Has every one stopped linking to other sites and everybody knows about this but me?
 SEOMalc said:
It can be an uphill struggle stopping clients from obsessing over that 1 phrase that has X amount more traffic than all the others but a 0.01% conversion rate. I always advise that although these phrases may well be viable targets they are long term goals as they are often very competitive. Short to mid-term focus should be on low hanging fruit and the only way to identify these is as you rightly said via analysing available data through analytics or AdWords.

This also means that SEO activities can begin to generate revenue sooner rather than having to wait 12 months for that golden ranking.

One area of focus is if you can find where you rank for particular terms you can apply basic on site techniques to improve terms of value that you already rank between say 10th and 20th for to hopefully drive them onto the first page.

Anyhow off to pick up my son from Creche.

GL all and hi Jill.
 Alan Charlesworth said:
Hi Jill - your point re "[key]words that might bring a lot of traffic to the site ... " is well made. How many folk with relatively small budgets try to go up against brand/market leaders for popular keywords?

That said, I always preach that finding the 'right' keywords - ie the ones that potential customers use when seeking the solutions you provide - is the key [sic] to any SEO or SE advertising. And as you say, the website owner's gut feeling is NOT the source of those words.

I am amazed when I do an SEO audit for someone and when I ask what the keywords are they reply "what? the SEO folk we employed didn't ask that question". [OK, I'm not amazed - it is actually quite common] ... Alan
 Kris said:
Jill, awesome advice. That kind of sums up all I've learned the last few months as I've desperately been trying to figure out how to take my SEO efforts to the next level.
 WingsDove said:
Google Analytics is an excellent tool for tracking how a Web site is found and the behavior of visitors once they land on the site. I now recommend adding the Google Analytics to every Web design and SEO client. Adding this code has sometimes changed the course of the project!

Wonderful newsletter.
 Jerry said:
True. I have used Google AdWords data to optimize ad campaigns written in languages I don't speak or read. Once the ads and keywords are in place, you can optimize your ad money simply by adjusting bid prices and watching which phrases get the most response and conversions.
 Jill said:
Jerry not sure how that fits this article which is about adjusting your organic SEO not about ads.

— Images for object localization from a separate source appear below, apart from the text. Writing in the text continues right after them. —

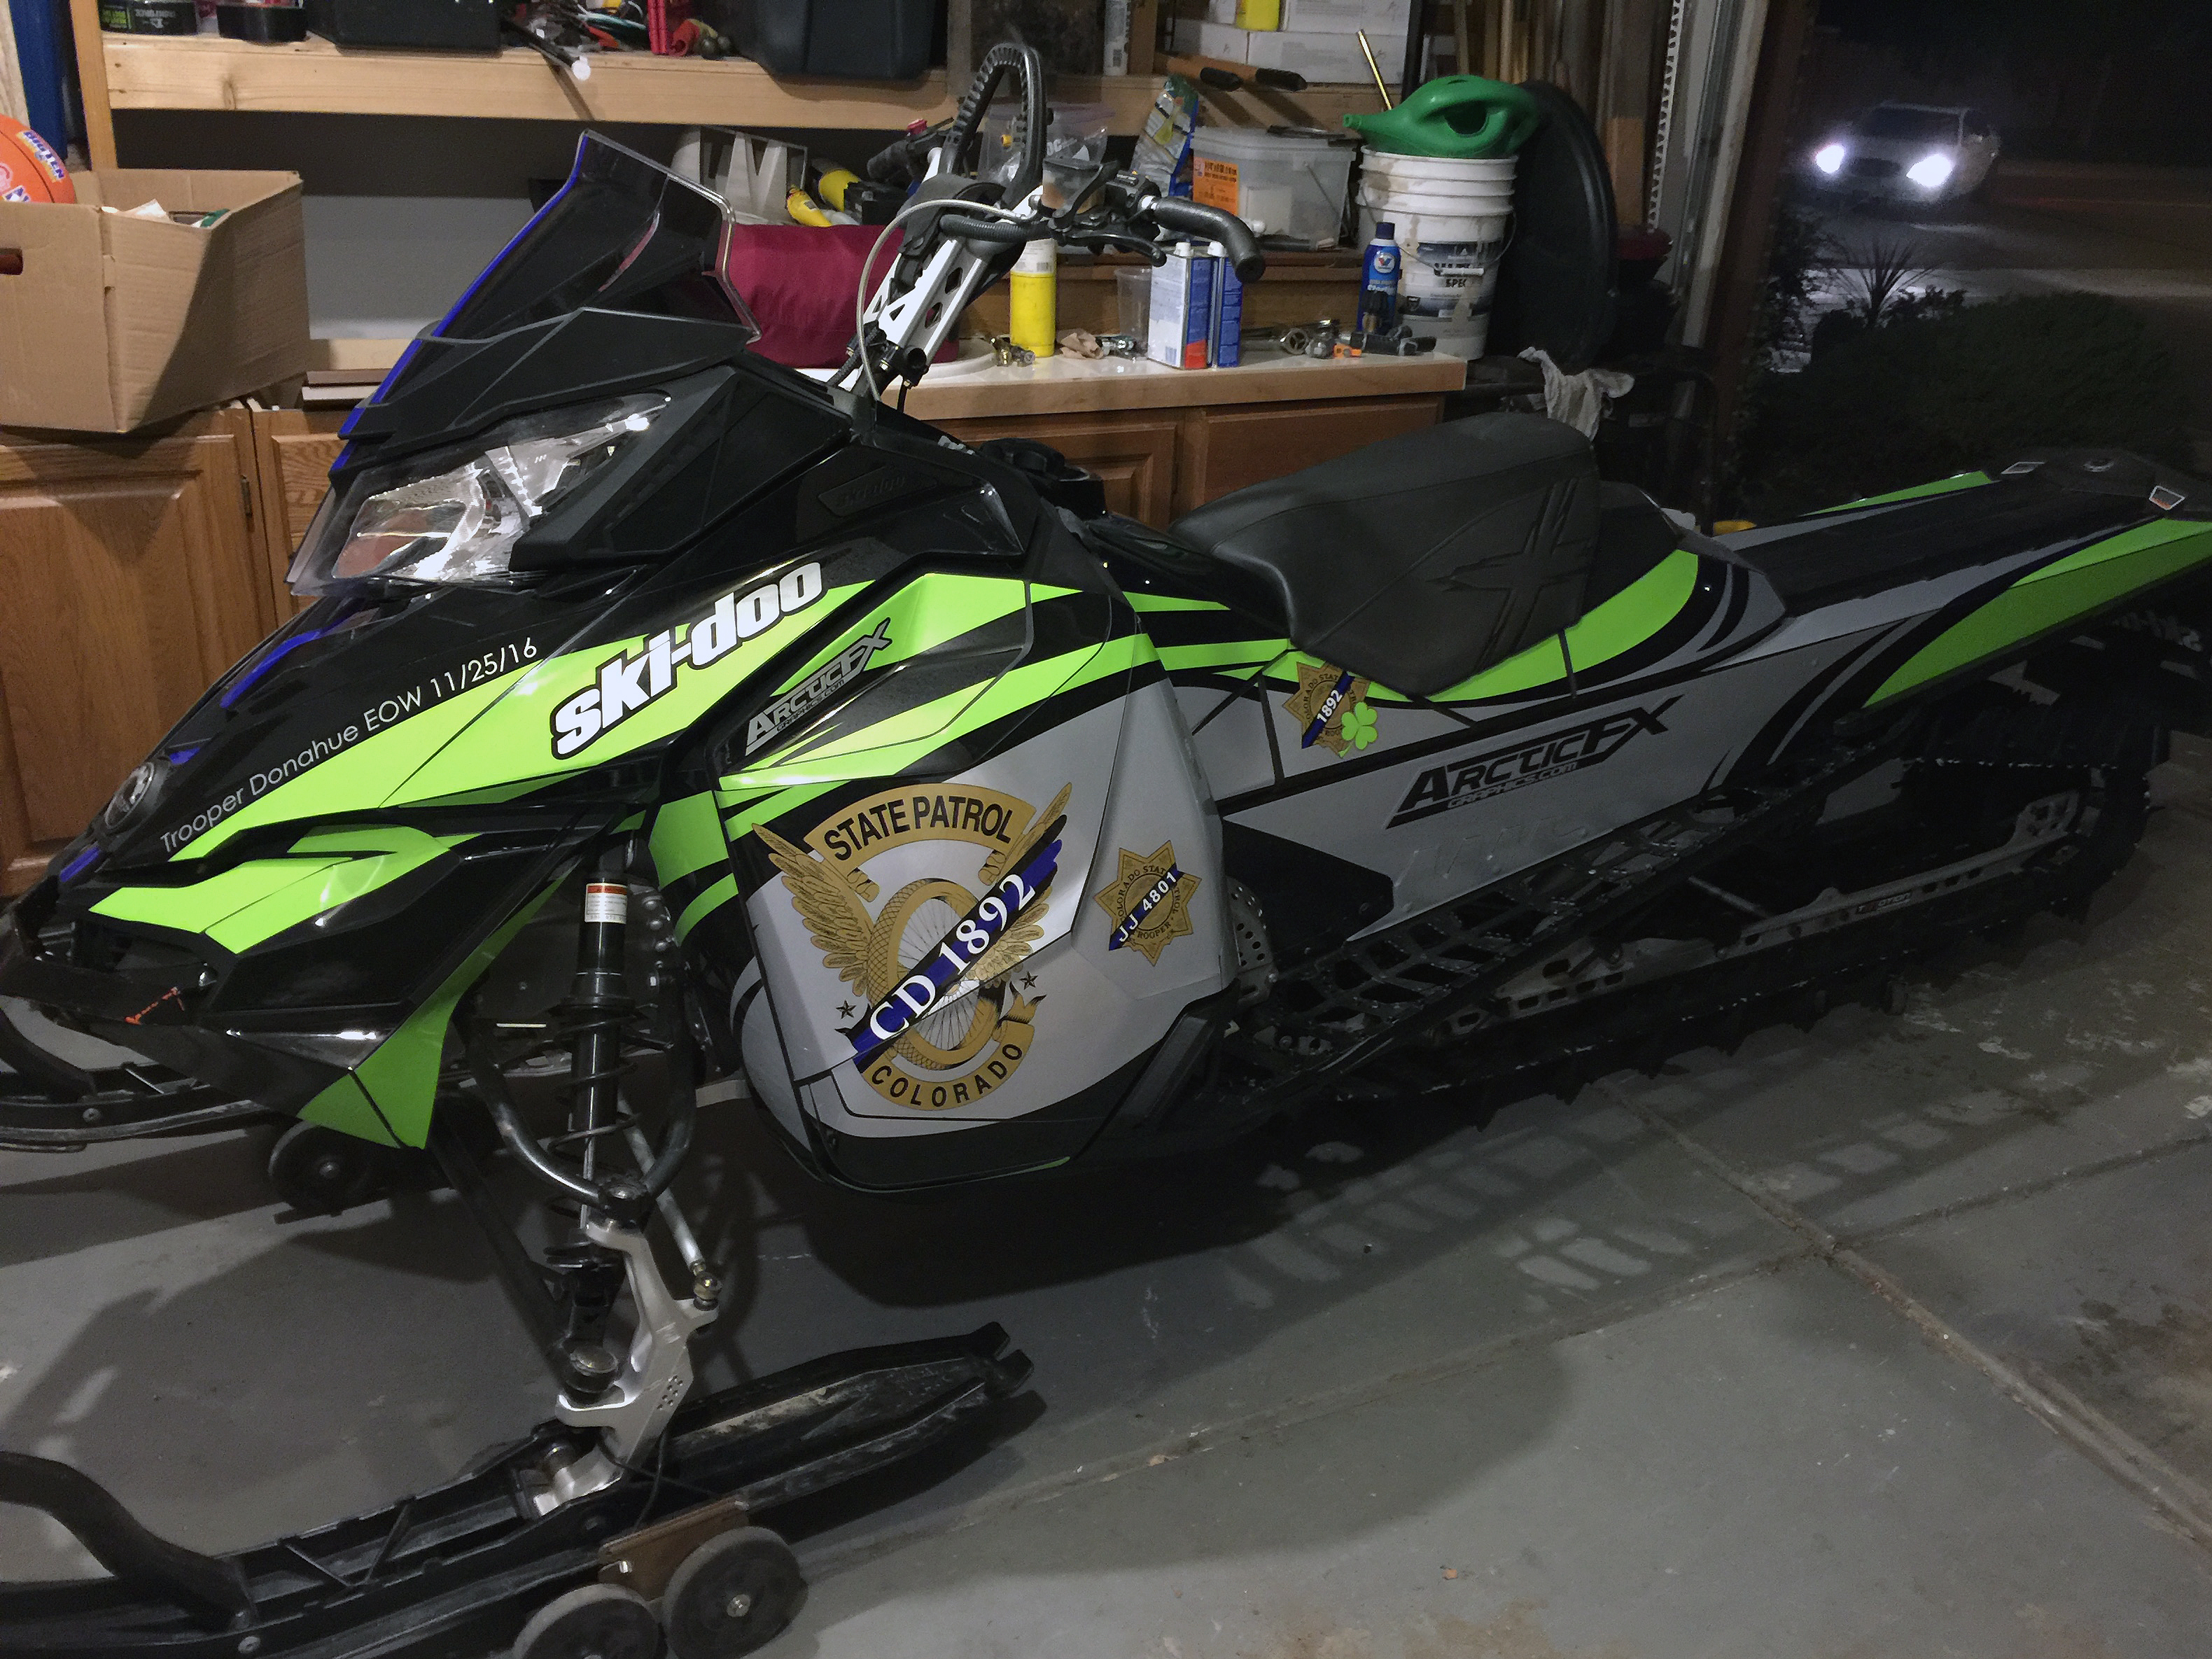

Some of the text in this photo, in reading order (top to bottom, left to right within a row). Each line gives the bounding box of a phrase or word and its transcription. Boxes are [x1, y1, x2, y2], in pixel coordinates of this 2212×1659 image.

[1317, 690, 1343, 723] 1892
[160, 636, 538, 853] Trooper Donahue EOW 11/25/16
[823, 795, 1013, 862] STATE PATROL
[1142, 864, 1166, 875] STAT
[1142, 872, 1177, 911] 4801
[1135, 921, 1172, 939] ROOPER
[868, 874, 1035, 1042] CD 1892
[871, 1042, 1023, 1108] COLORADO

Thanks all for the nice comments. Glad you liked the article!
 Mike James said:
It seems to me, that the Google AdWords program gives you all the information you need. Just guess what people would type to find your service or product and come up with variations, test it at a high dollar amount per click, so the information gets counted and you're off to the races.
 Jill said:
@Mike James - Absolutely! It makes it a whole lot easier when you have that AdWords info to know what works and what doesn't.

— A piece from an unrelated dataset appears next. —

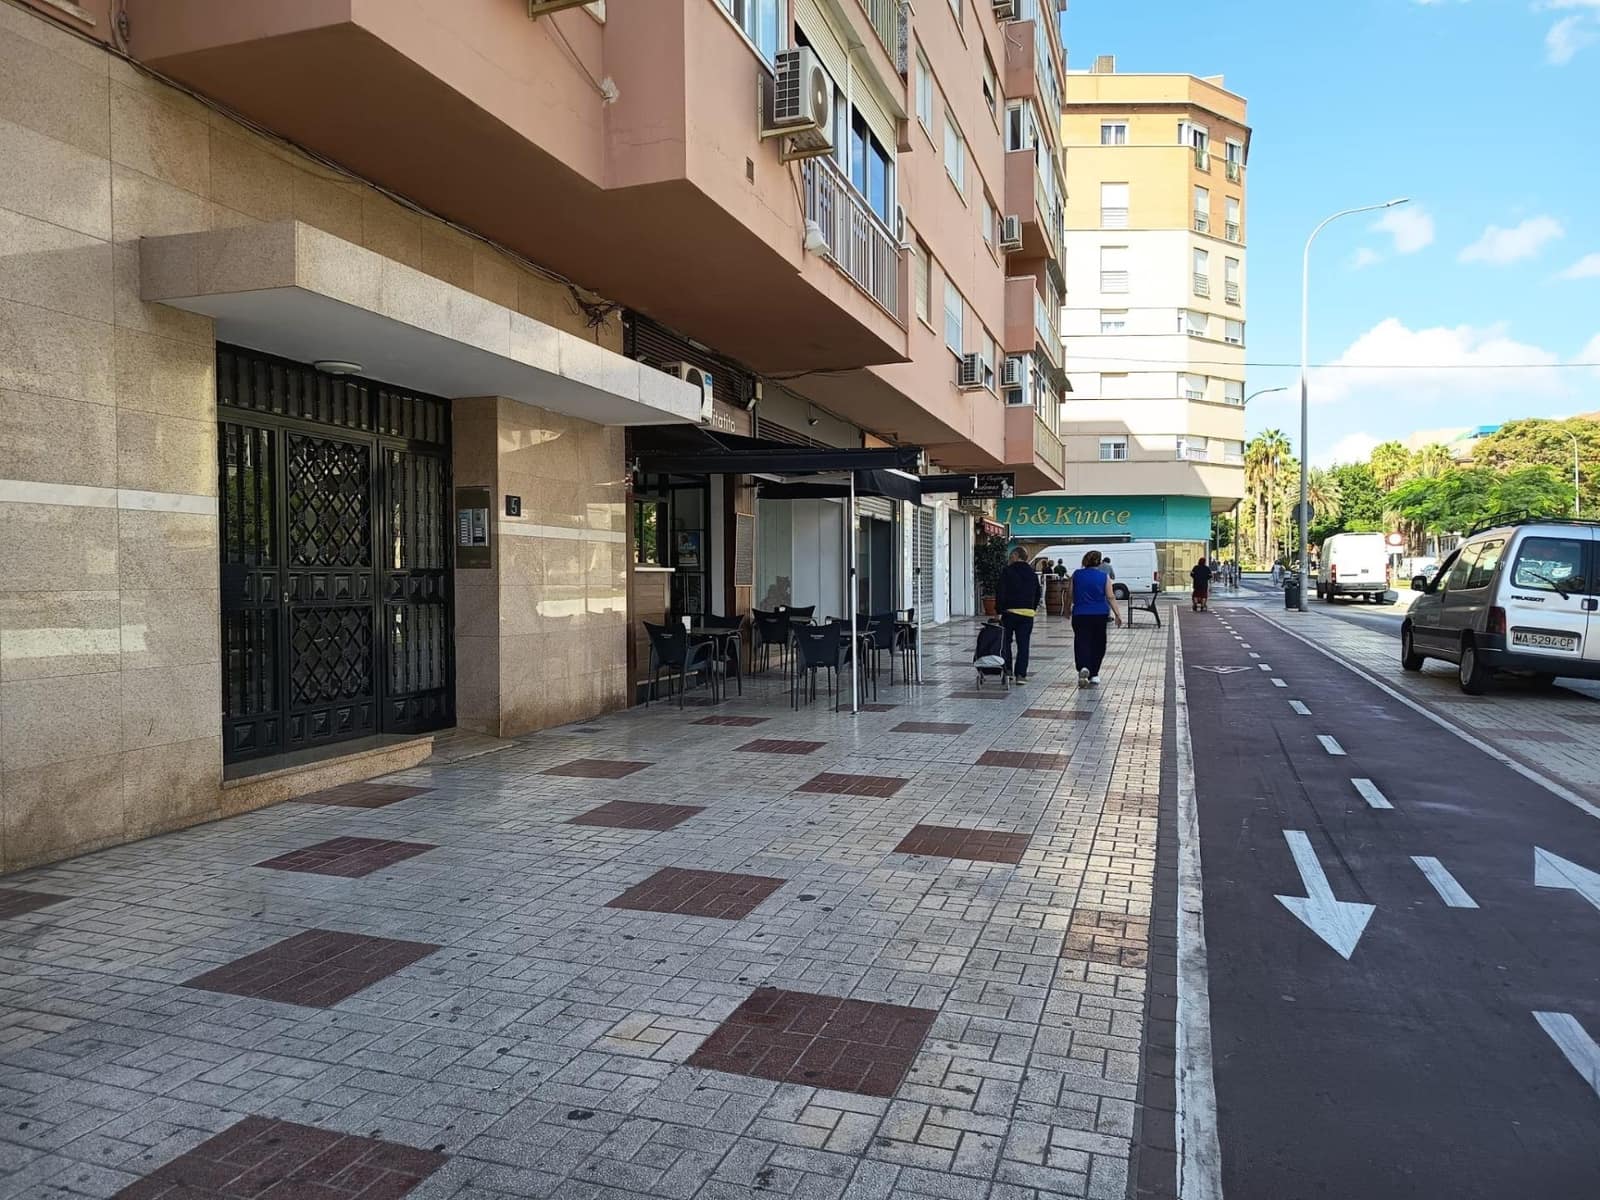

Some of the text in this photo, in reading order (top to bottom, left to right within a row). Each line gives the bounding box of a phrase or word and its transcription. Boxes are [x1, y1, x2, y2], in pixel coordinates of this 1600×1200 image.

That's why I said in the article, "If you are running Google AdWords campaigns, you have even more data to work with."
 Phil Wollerman said:
Yea Adwords rocks for that.

My biggest client (an hotel) says he /they know their five keyphrases and will not consider any changes - but this article gives me plenty of compelling reasons to get back to them and sell some new ideas. Thanks Jill.

Every site I am involved with has been set up w Google Analytics - anyone have a model for charging monthly analysis fees?

I'm working with a retail fashion and the site has a slideshow - we can use the overlay to see clicks on outfits - ergo the highest clicks are the big sellers offline and the ones to put in the shop windows. How's that for extracting competitive intelligence from GoAN?
 Jill Whalen said:
@Phil, we just charge a monthly fee to extract the most important info from GoAn and make a few specific recommendations based on the findings.
 Adam J. Humphreys said:
I can certainly appreciate the significance of Google analytics. Over the last few years it's added a lot of value to my portfolio. With Google Webmaster Tools new feature allowing you to see your primary keywords or LSI in the eyes of Google you can now fully utilize this information to improve pages.